An exact copy of the entries is required, excluding any pictures.
● ● ●
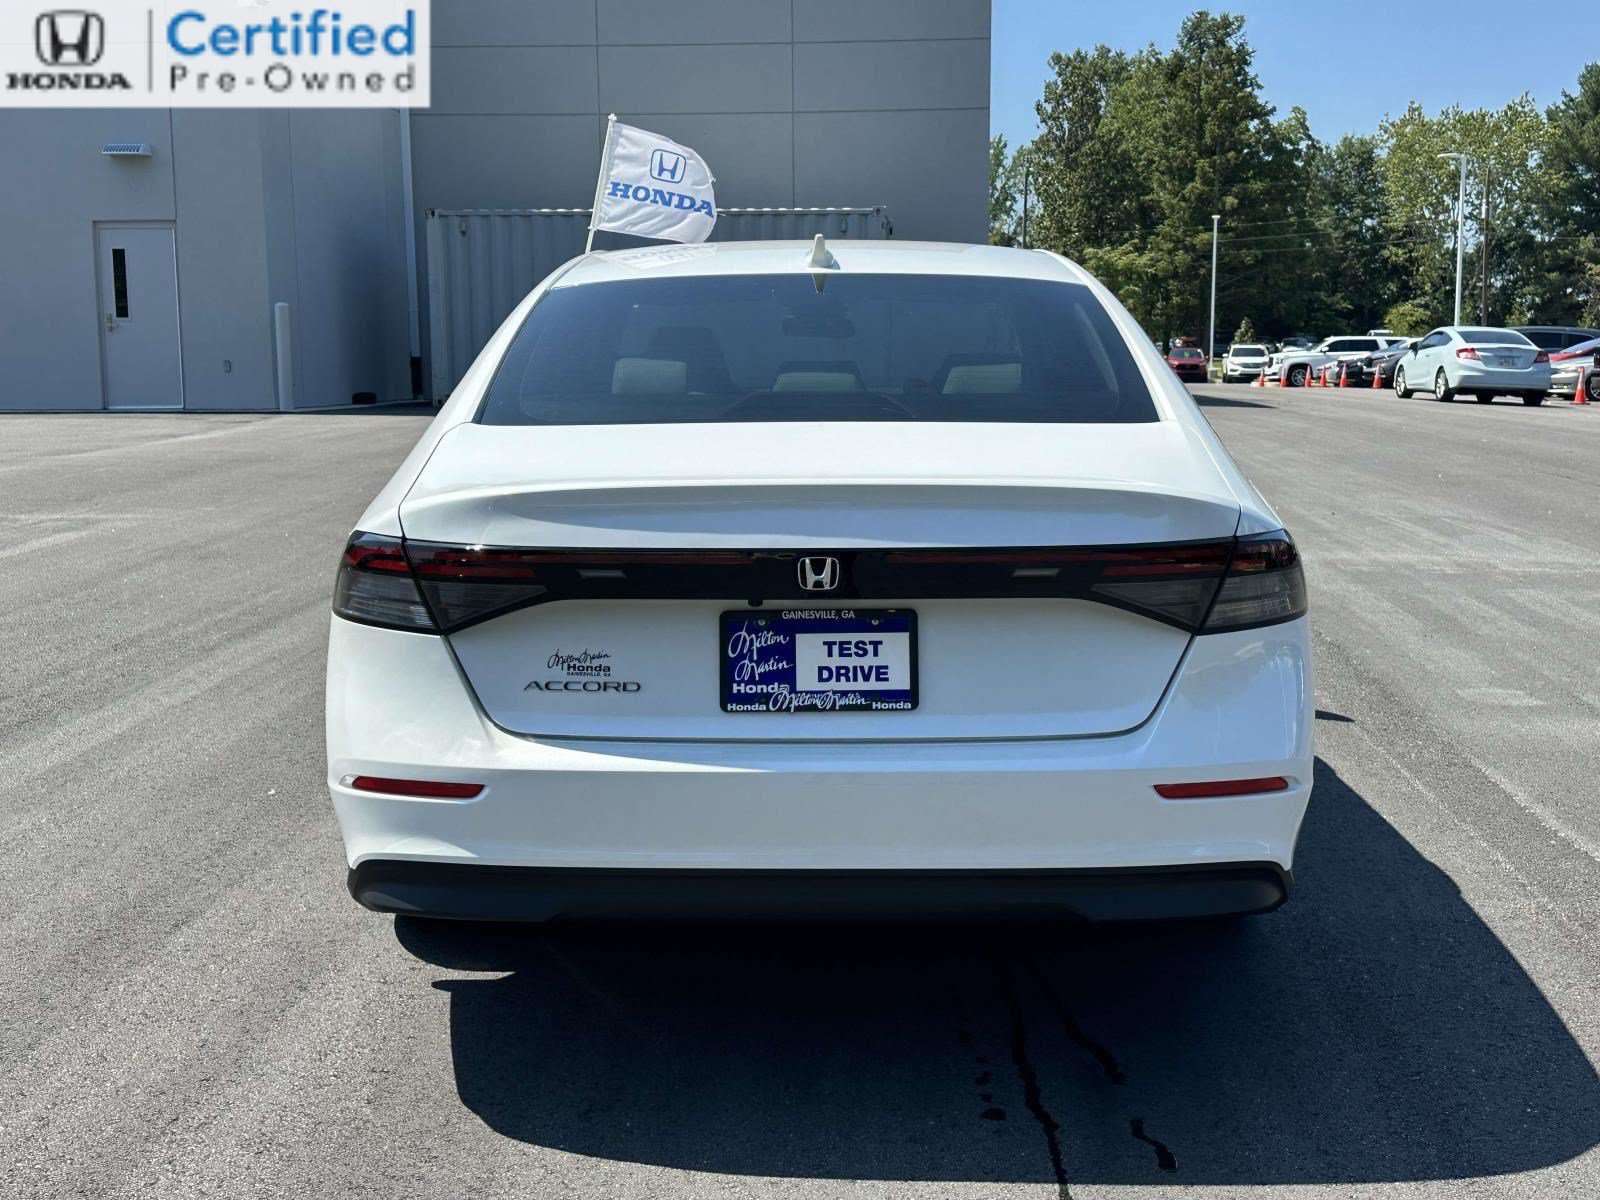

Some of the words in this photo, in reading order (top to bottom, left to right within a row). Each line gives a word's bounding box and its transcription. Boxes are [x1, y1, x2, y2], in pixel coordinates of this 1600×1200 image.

[607, 181, 715, 219] HONDA
[781, 610, 840, 621] GAINESVILLE,
[841, 610, 855, 619] GA
[728, 620, 790, 660] Milton
[822, 640, 883, 658] TEST
[566, 663, 611, 672] Honda
[734, 653, 794, 681] Martin
[817, 665, 890, 683] DRIVE
[524, 680, 641, 692] ACCORD
[732, 682, 790, 694] Honda
[727, 703, 767, 711] Honda
[769, 689, 821, 712] Milton
[818, 689, 870, 710] Martin
[872, 701, 912, 709] Honda
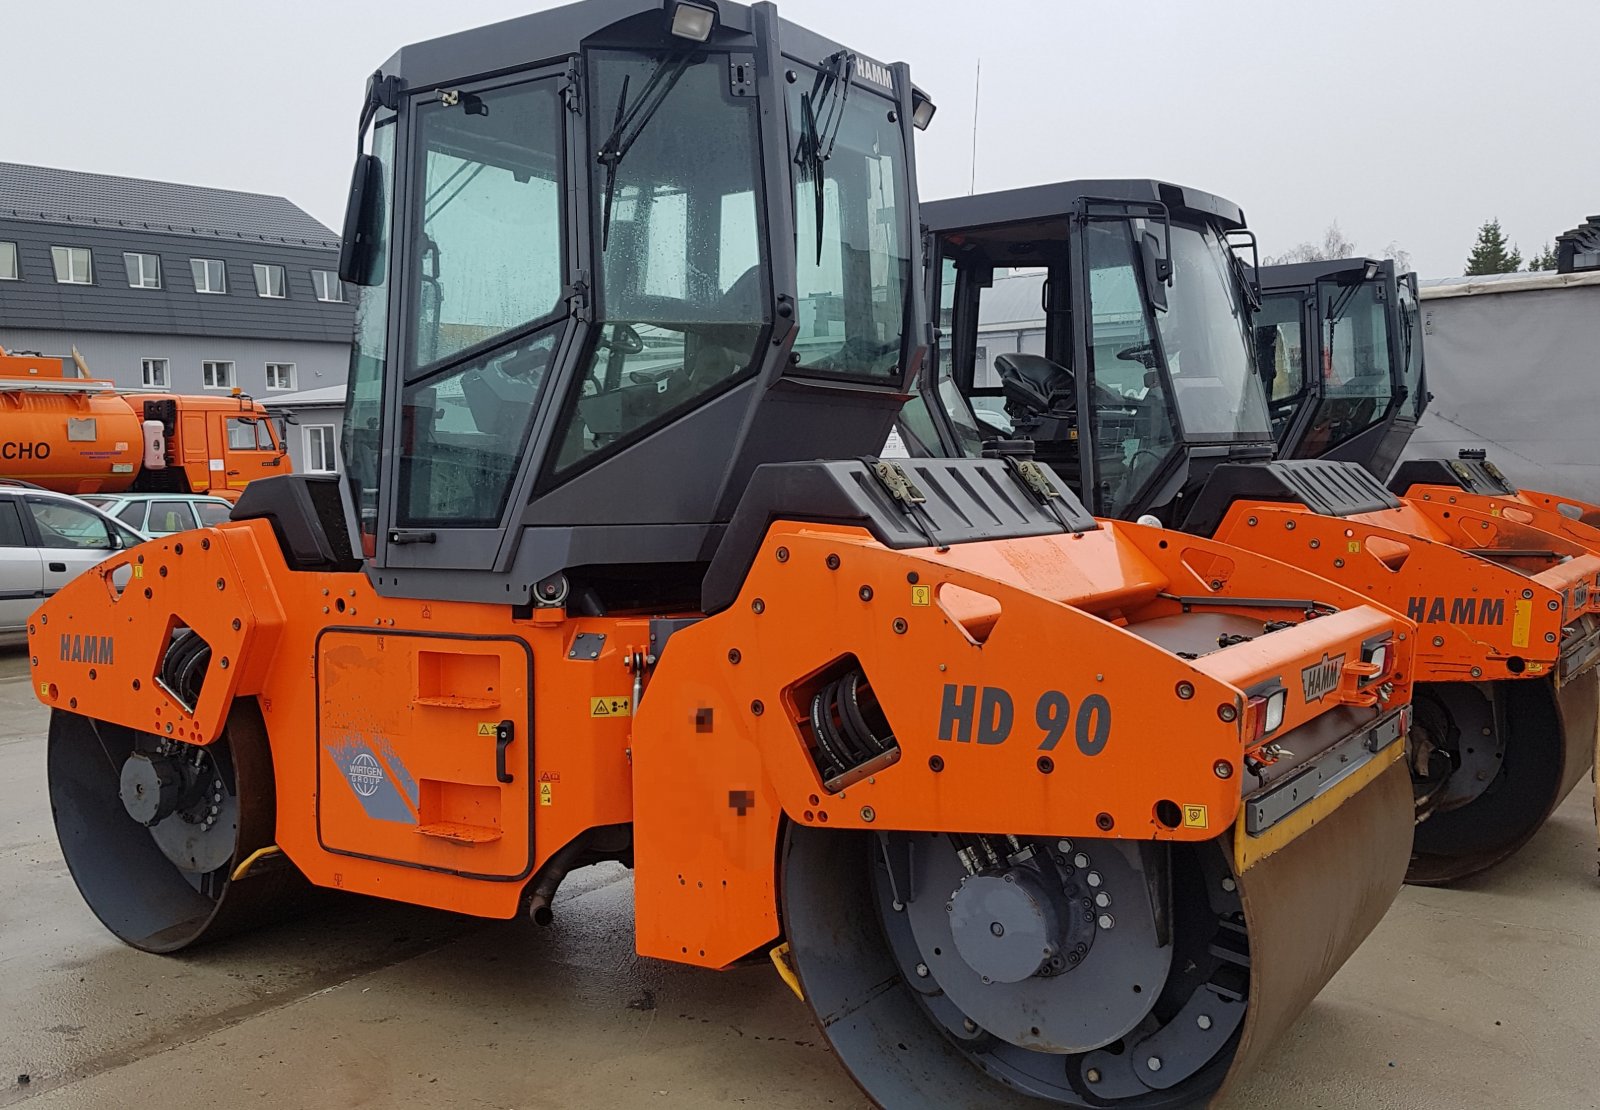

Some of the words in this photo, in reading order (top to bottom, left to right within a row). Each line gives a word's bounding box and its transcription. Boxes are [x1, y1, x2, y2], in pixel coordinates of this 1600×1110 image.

[856, 57, 893, 89] HAMM
[0, 441, 51, 460] СНО
[1407, 597, 1505, 626] HAMM
[60, 633, 114, 665] HAMM
[1307, 661, 1337, 696] HAMM
[938, 683, 1014, 746] HD
[1035, 690, 1112, 757] 90
[350, 765, 383, 777] WIRTGEN
[351, 775, 380, 784] GROUP
● ● ●
- _Answer below_:
Some of the words in this photo, in reading order (top to bottom, left to right within a row). Each line gives a word's bounding box and its transcription. Boxes are [x1, y1, x2, y2], in pixel coordinates of this 1600×1200 image.

[607, 181, 715, 219] HONDA
[781, 610, 840, 621] GAINESVILLE,
[841, 610, 855, 619] GA
[728, 620, 790, 660] Milton
[822, 640, 883, 658] TEST
[566, 663, 611, 672] Honda
[734, 653, 794, 681] Martin
[817, 665, 890, 683] DRIVE
[524, 680, 641, 692] ACCORD
[732, 682, 790, 694] Honda
[727, 703, 767, 711] Honda
[769, 689, 821, 712] Milton
[818, 689, 870, 710] Martin
[872, 701, 912, 709] Honda

Some of the words in this photo, in reading order (top to bottom, left to right within a row). Each line gives a word's bounding box and its transcription. Boxes are [x1, y1, x2, y2], in pixel coordinates of this 1600×1110 image.

[856, 57, 893, 89] HAMM
[0, 441, 51, 460] СНО
[1407, 597, 1505, 626] HAMM
[60, 633, 114, 665] HAMM
[1307, 661, 1337, 696] HAMM
[938, 683, 1014, 746] HD
[1035, 690, 1112, 757] 90
[350, 765, 383, 777] WIRTGEN
[351, 775, 380, 784] GROUP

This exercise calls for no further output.